Les chevaliers entrèrent ainsi l'un après l'autre et tous brandirent leurs couteaux pour faire le serment et ils maintinrent de près les frères du roi dans la crainte qu'ils ne fissent quelque bruit; ces derniers avaient peur aussi d'être tués. Arriva ensuite le turcoplier, Jacques de Norès, qui n'était pas dans le complot. Pour qu'on ne crût pas qu'il n'acceptait pas les faits accomplis, voyant le roi couvert de sang, sans chausses et sans tête, il tire son couteau et lui coupe les parties sexuelles en disant : « C'est à cause d'elles que tu as été tué. » Au fond du cœur il avait beaucoup de compassion pour le roi, mais il agit ainsi afin de participer au complot.

Aussitôt la trompette sonna à la porte du palais et on cria : « Seigneurs, Dieu a exécuté sa volonté sur le seigneur le roi. » Le grand drapeau royal fut suspendu du côté du fleuve et on fit publier parmi le peuple que personne ne devait faire de bruit sous peine d'être décapité. Puis le roi Pierre, fils du roi Pierre, prit possession de ses droits sur le royaume, et tous les salariés prêtèrent serment au nouveau roi. Le peuple plaignit beaucoup le roi mort et cria trois fois : « Vive le roi Pierre! »

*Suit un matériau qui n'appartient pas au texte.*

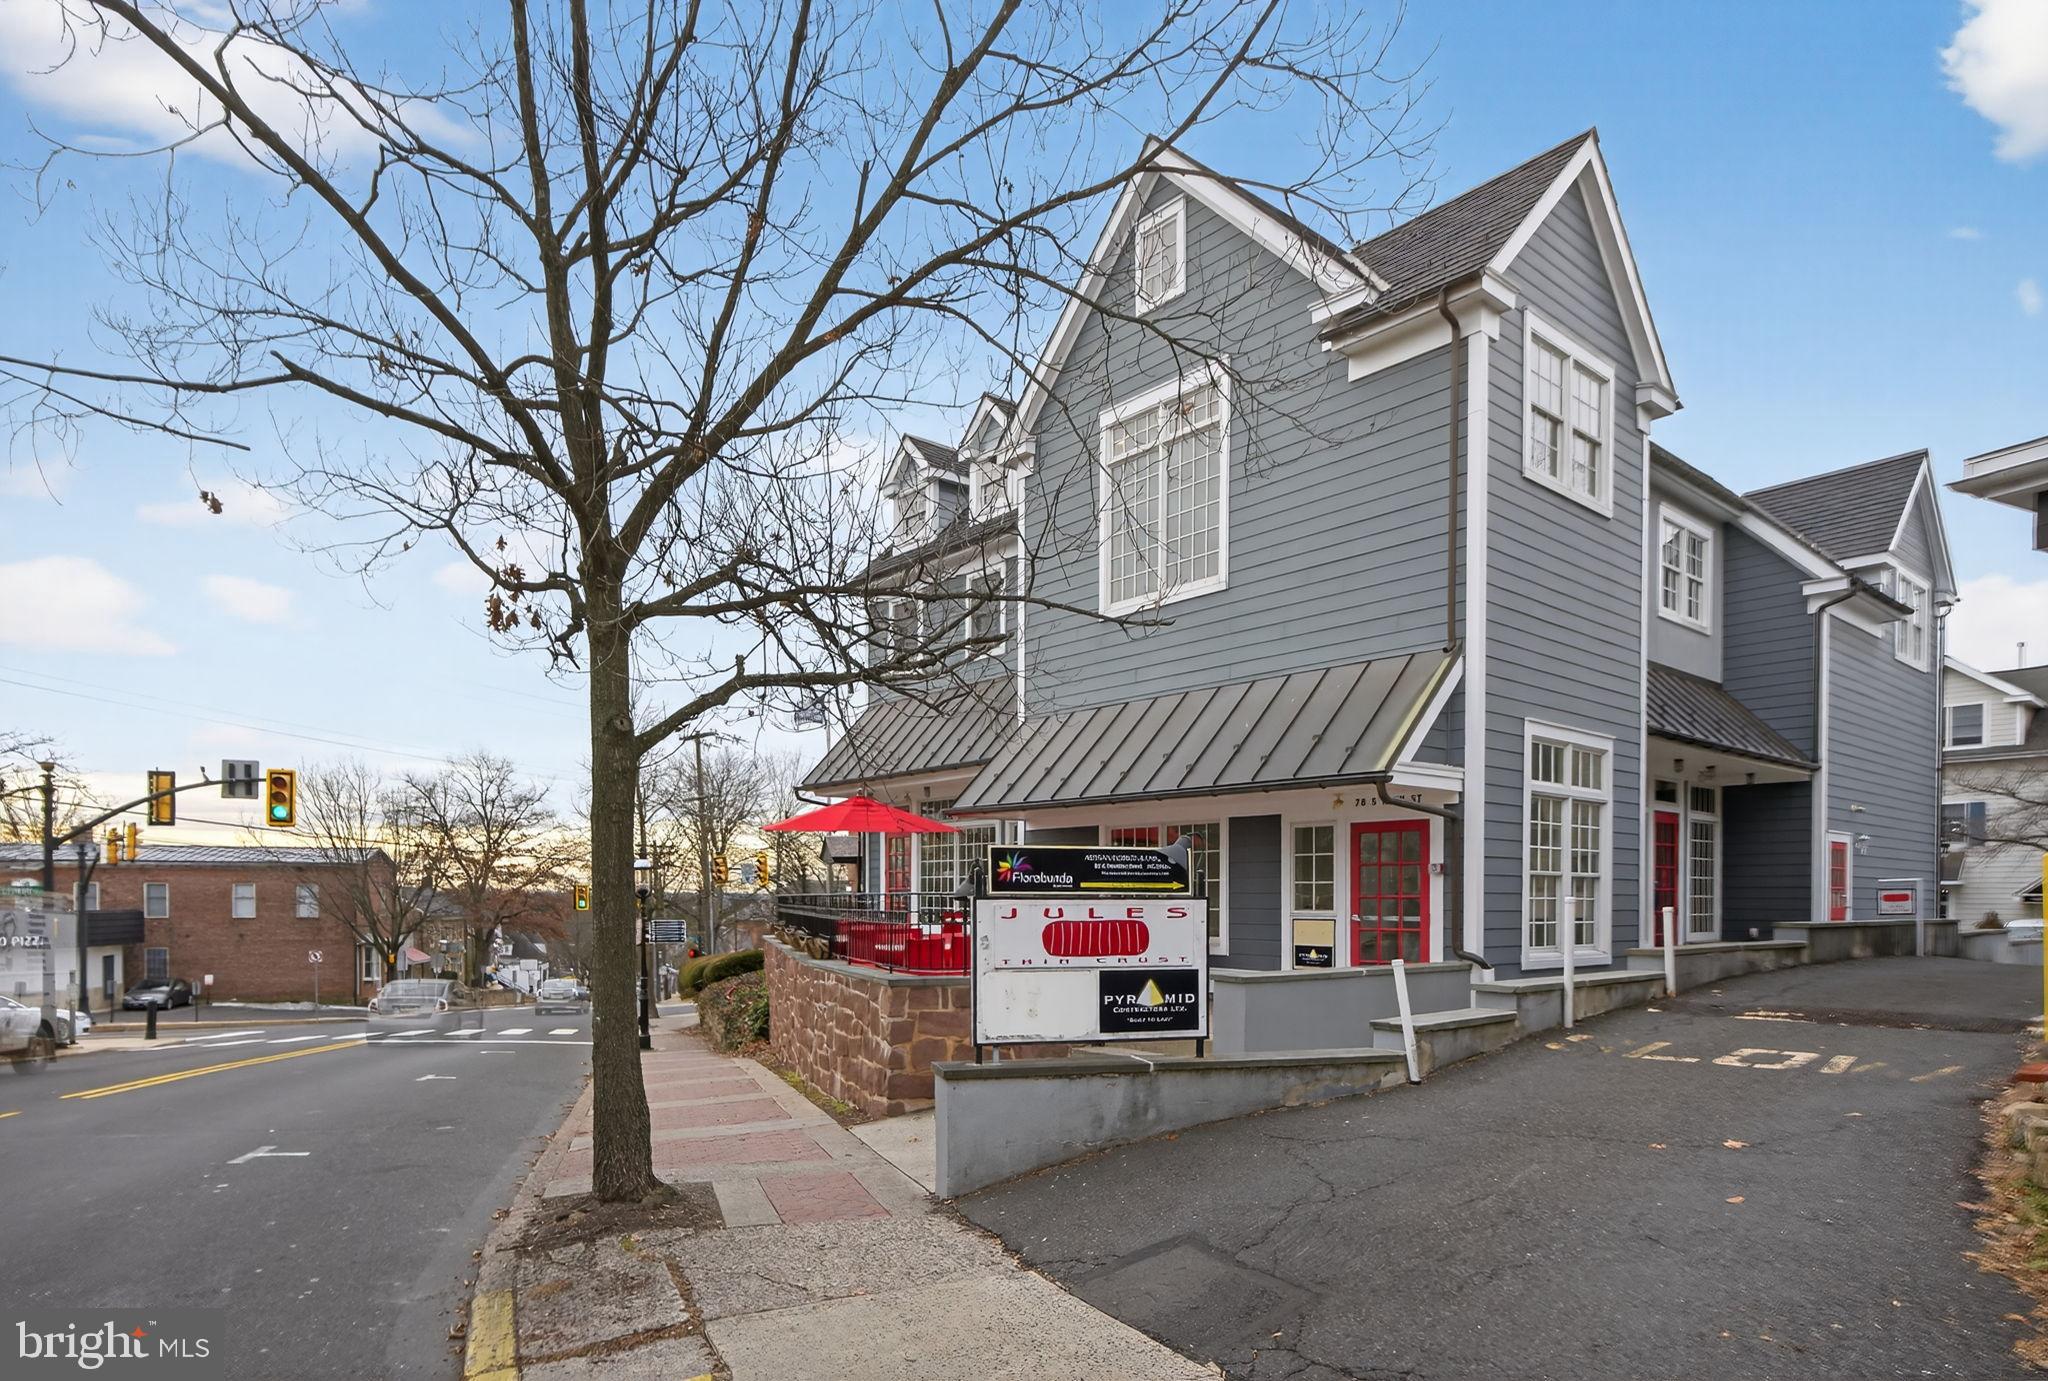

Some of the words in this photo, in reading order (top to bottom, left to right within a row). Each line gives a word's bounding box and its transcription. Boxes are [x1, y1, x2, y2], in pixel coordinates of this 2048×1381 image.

[1001, 907, 1188, 919] JULES
[1002, 958, 1069, 966] THIN
[1096, 956, 1188, 964] CRUST

Le connétable monta alors à cheval et se rendit à Famagouste pour recevoir le serment, Ayant rencontré Jean de Monstri qui allait à la chasse, il le prit avec lui et dans la route lui raconta la mort du roi. Le seigneur d'Arsouf ayant appris par la rumeur publique que l'amiral (Jean de Monstri) était l'amant de sa femme, réclama justice contre lui, et comme il demandait que le coupable fût mis à mort, le prince et la reine firent mettre l'amiral en prison à Cérines. Celui-ci voyant qu'il était détenu dans cette ville et qu'il ne pouvait être délivré, fit faire une grippe[98] pour pêcher, et quelque temps après il s'enfuit pendant la nuit et se rendit en Turquie. Il était enfermé dans une tour; il ôta de la fenêtre deux barreaux de fer, et se suspendant à une corde il sortit de la tour, puis s'embarquant sur sa grippe il mit à la voile et alla au golfe de Satalie. Quand le sergent gardien de la tour vint pour lui apporter sa nourriture, il ne le trouva plus. Il annonça aussitôt l'évasion au capitaine de Cérines. Celui-ci arma une fuste dont il confia le commandement à sire Badin Rasour qui partit et découvrit en mer le fugitif. L'amiral voyant que la fuste marchait à sa poursuite, descendit à terre et, la peur lui ayant fait presser le pas, il gravit une montagne tout épuisé de fatigue et il se jeta sous un arbre pour reprendre haleine; mais il y expira. La fuste s'empara de la grippe qu'elle ramena à Cérines. L'amiral trouvé mort fut enterré par les Chrétiens qui étaient là, dans l'église de Sainte-Marine près de Satalie. Sire Badin Rasour ne pensant pas que l'amiral était mort, dit à son retour à Cérines qu'il s'était réfugié près de Tacca le Turc. Le prince croyant réellement que l'amiral se trouvait là fit partir avec la fuste Badin Rasour et Jean Passel, pour aller le réclamer; mais quand ils arrivèrent, ils apprirent qu'il était mort.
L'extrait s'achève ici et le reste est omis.